Reconciling some result about the exponential map, the Chow-Rashevskii theorem, and $\mathrm{Diff}_0(M)$

This was a bit long for a comment, thus I post it as an answer.

First of all, you have to be very careful with what you actually mean by the exponential here. The flow map to time 1 does NOT exist in your setting, not even on an arbitrarily small zero-neighborhood. The reason for this is that you assume your manifold $M$ to be diffeomorphic to euclidean space and thus it is non-compact. For every non-compact manifold, it is well known that one can construct smooth vector fields whose integral curves explode before reaching time 1. Thus the mapping is ill-defined on all Lipschitz vector fields.
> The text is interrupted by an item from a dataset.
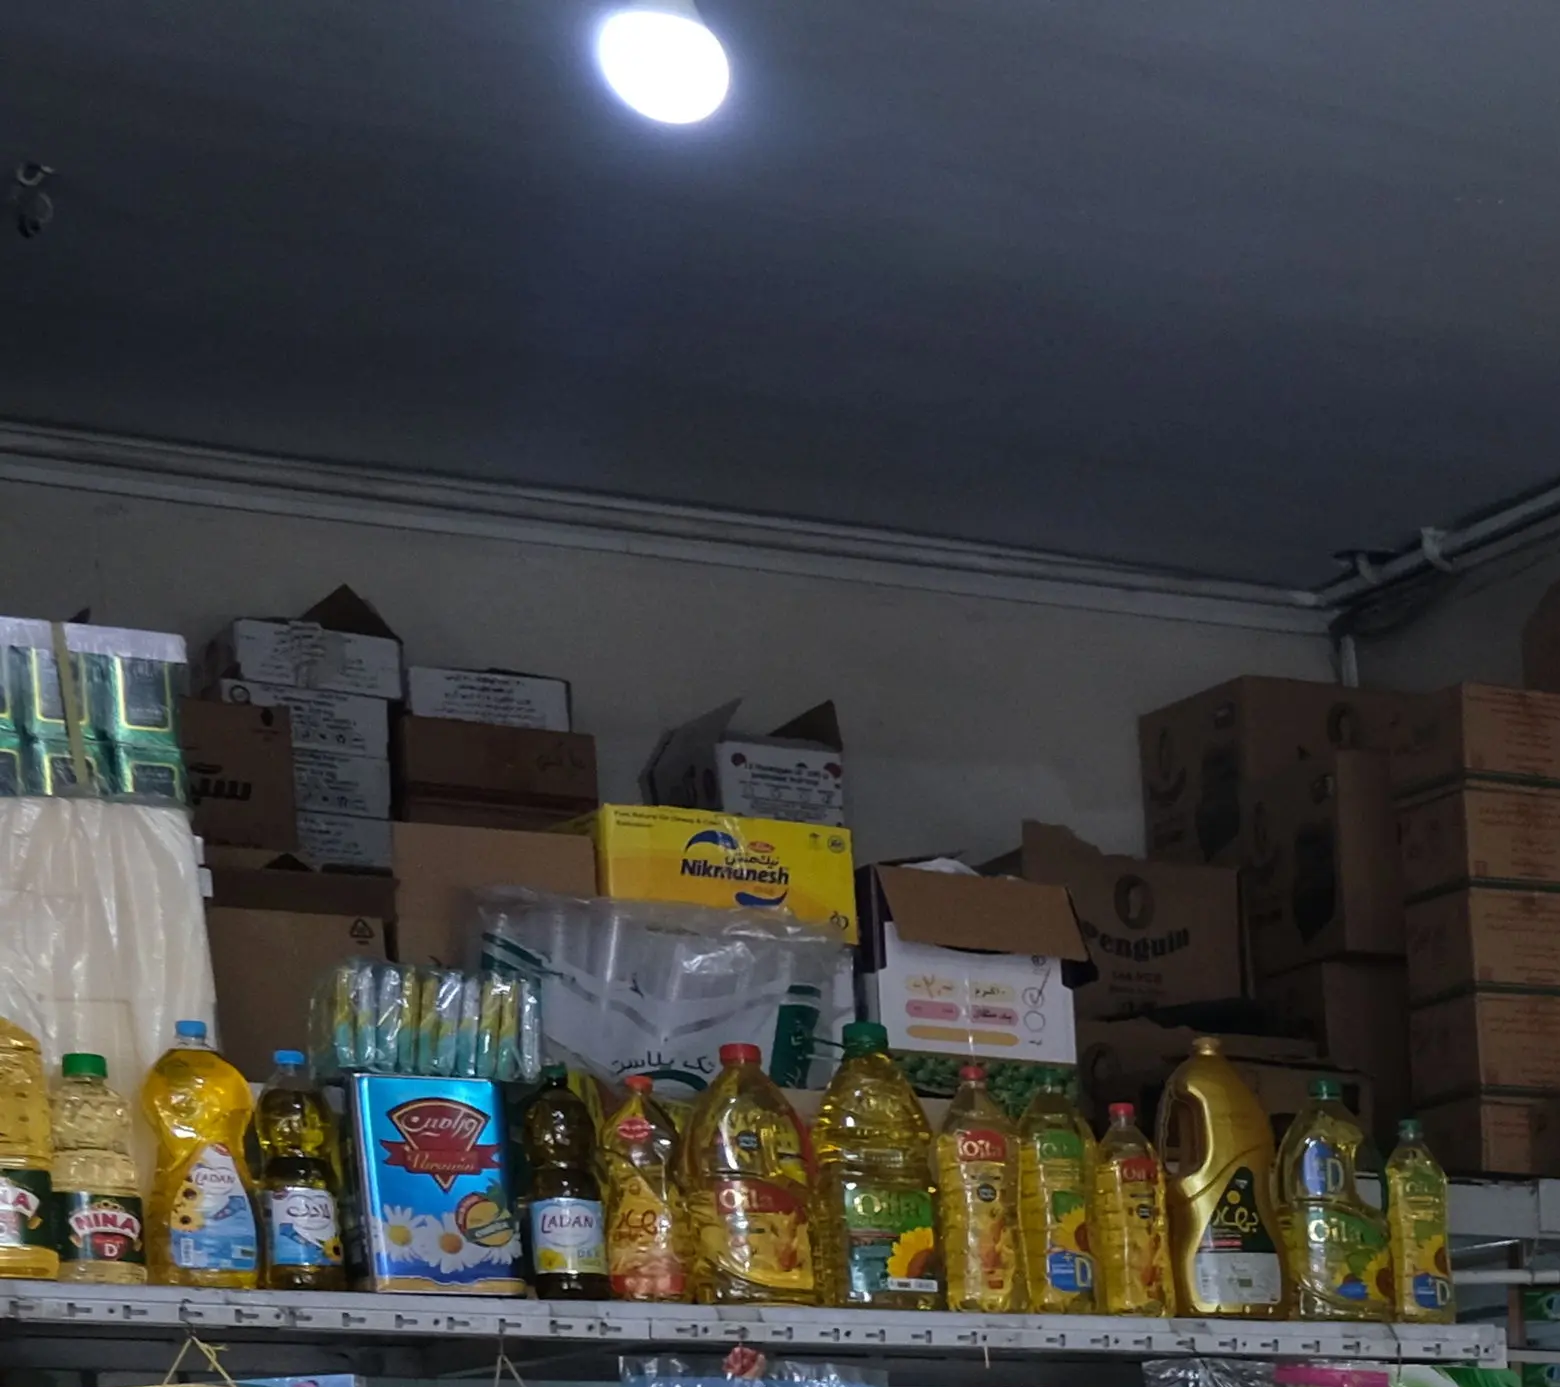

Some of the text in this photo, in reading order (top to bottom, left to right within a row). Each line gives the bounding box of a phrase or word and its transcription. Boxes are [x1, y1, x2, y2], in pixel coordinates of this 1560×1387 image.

[681, 857, 790, 886] Nikmanesh
[195, 1170, 238, 1187] LADAN
[75, 1210, 138, 1234] NINA
[541, 1213, 594, 1234] LADAN
The usual remedy for non-compact manifolds is to pass to the space $\mathfrak{X}_c (M)$ of compactly supported vector fields (of your favourite regularity). There the flow can be defined (obviously if $M$ is compact nothing goes wrong).

Concerning your last point: I think one should be careful here, at least when it comes to the notation. Your $\mathfrak{X}(M)$ is the set of all Lipschitz vector fields and by the exponential you mean the flow map, whereas in the references you gave, the same symbol means the set of all smooth vector fields (and the exponential also the flow map at time one). This difference might already be an essential piece of the puzzle. On the other hand, it is well known that in the smooth setting the image of the exponential is not an open neighborhood of the identity diffeomorphism (the strongest result is due to Grabowski who showed that one can approach the identity with continuous curves who intersect the image of the exponential only in the identity). This is an essential point in infinite-dimensional Lie theory as it shows that contrary to the finite-dimensional setting, there are infinite-dimensional Lie groups such that the Lie group exponential is not a local diffeomorphism.
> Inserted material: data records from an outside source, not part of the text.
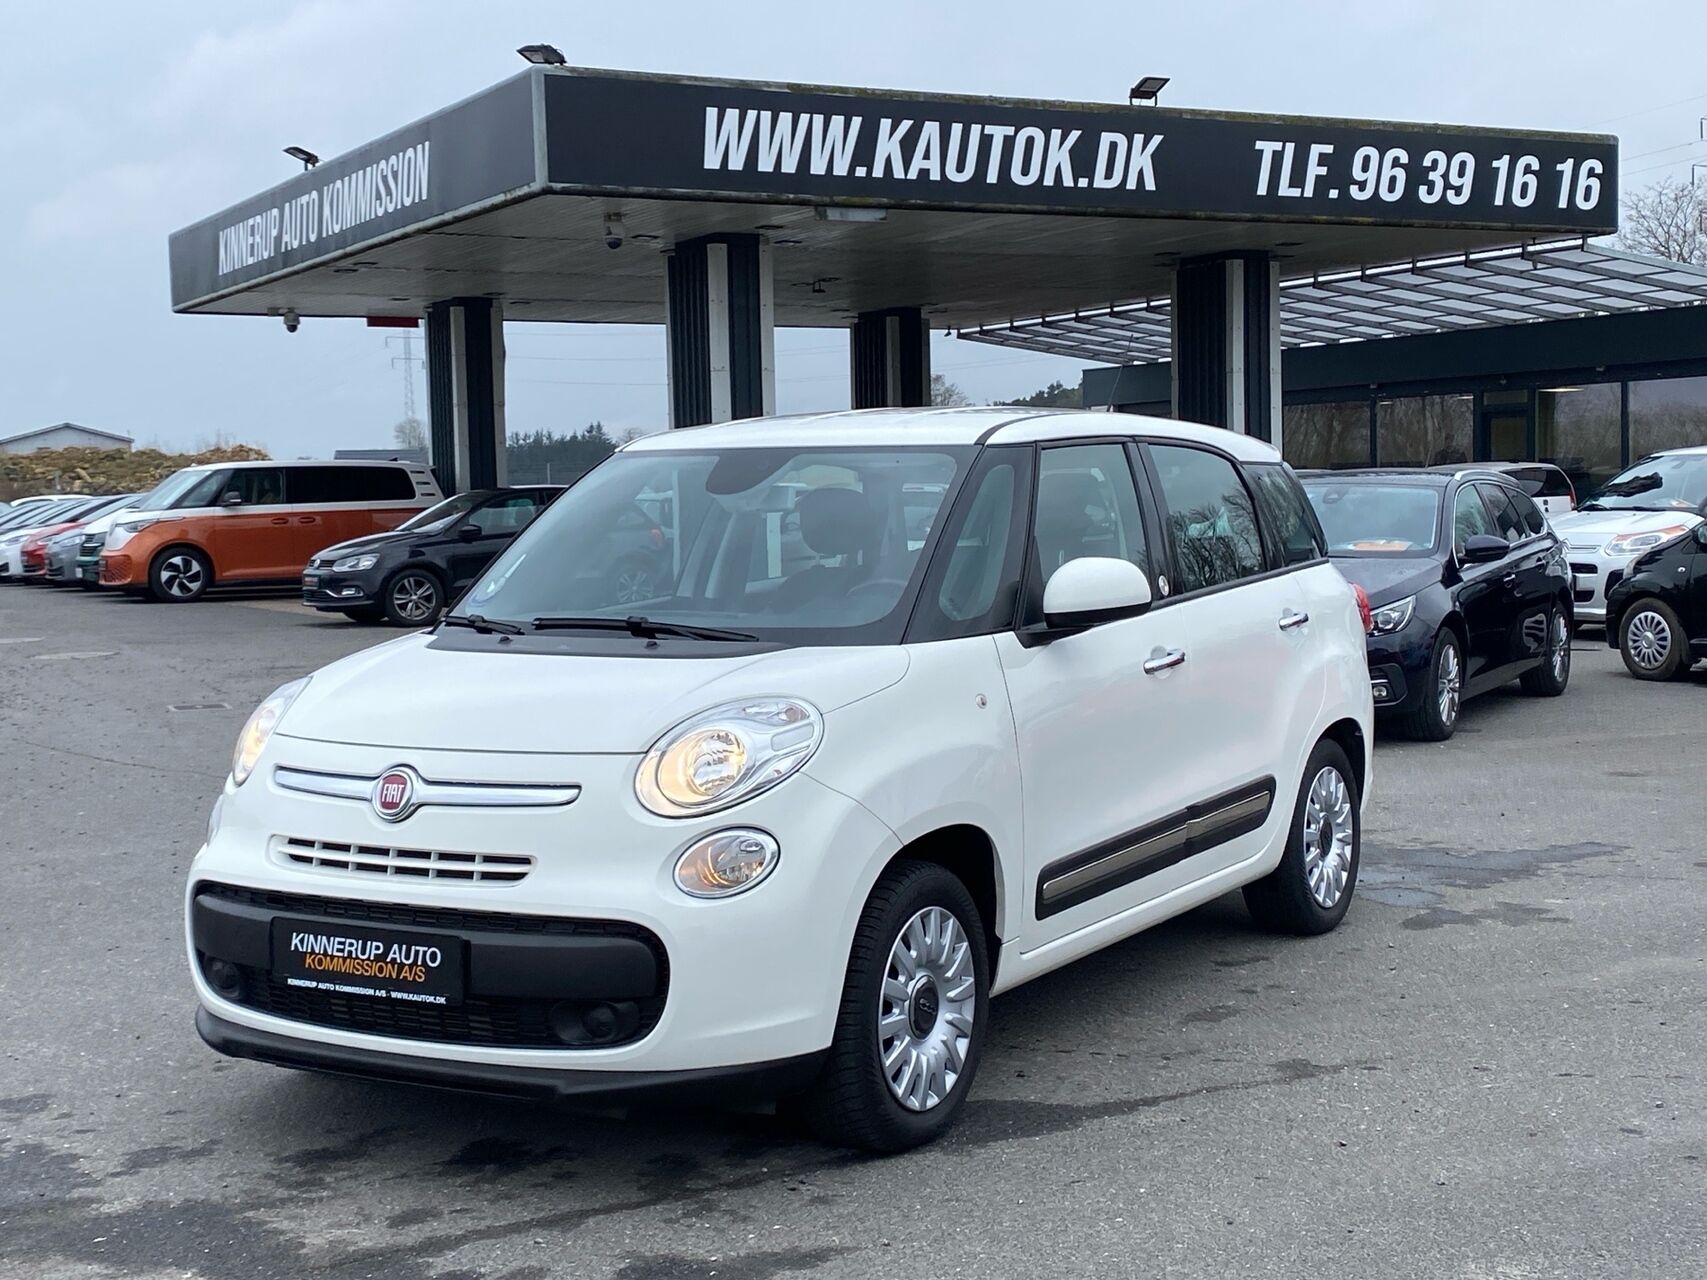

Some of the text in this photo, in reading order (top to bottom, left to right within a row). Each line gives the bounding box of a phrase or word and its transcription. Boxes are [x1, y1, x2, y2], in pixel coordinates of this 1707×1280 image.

[703, 106, 1164, 191] WWW.KAUTOK.DK
[1254, 140, 1604, 211] TLF. 96 39 16 16
[218, 141, 430, 276] KINNERUP AUTO KOMMISSION
[381, 783, 405, 803] FIAT
[290, 932, 442, 968] KINNERUP AUTO
[304, 954, 426, 982] KOMMISSION A/S
[317, 982, 335, 991] AUTO
Coming back to your question: This shows that the image of the exponential is topologically speaking a quite complicated subset of all diffeomorphisms. However, it generates the whole component of the identity (as pointed out by your references). This means that there are diffeomorphisms in this component which can not be reached by the exponential but only approximated arbitrarily well by (arbitrarily high) products of exponentials. Note: As pointed out by the OP in general the statement referenced gives one only that the finite products are dense [more information on this can be found in Banyagas book, referenced in one of the links of the post above]
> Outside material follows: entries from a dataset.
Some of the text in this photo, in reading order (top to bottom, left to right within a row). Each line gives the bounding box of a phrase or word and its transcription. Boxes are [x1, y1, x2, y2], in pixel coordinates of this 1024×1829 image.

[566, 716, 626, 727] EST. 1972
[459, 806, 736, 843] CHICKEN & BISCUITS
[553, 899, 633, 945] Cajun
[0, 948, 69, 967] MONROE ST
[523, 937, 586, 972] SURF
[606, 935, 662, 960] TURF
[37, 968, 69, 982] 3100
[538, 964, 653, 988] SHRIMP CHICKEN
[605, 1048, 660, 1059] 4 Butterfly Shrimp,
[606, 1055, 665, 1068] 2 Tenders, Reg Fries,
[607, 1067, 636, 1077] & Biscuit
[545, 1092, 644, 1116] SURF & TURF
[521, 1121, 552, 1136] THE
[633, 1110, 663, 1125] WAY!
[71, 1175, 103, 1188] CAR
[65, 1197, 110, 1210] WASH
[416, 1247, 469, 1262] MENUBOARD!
Since the group is not locally exponential this is not even locally a contradiction near the unit . This is a new infinite-dimensional phenomenon as in finite-dimensions you could just take the logarithm if you are near the identity.

To answer one of your questions:

In this example you have a topological group $G$, a meager subset $S\subset G$ such that $S$ generates the entire $G$ (as an abstract group, not just as a topological group). Nothing wrong with this. For an easier example of this phenomenon consider the additive group $G={\mathbb R}$ and a Cantor subset $S\subset G$ of positive measure. By the Steinhaus theorem, $S+S$ has nonempty interior, hence, $S$ generates $G$.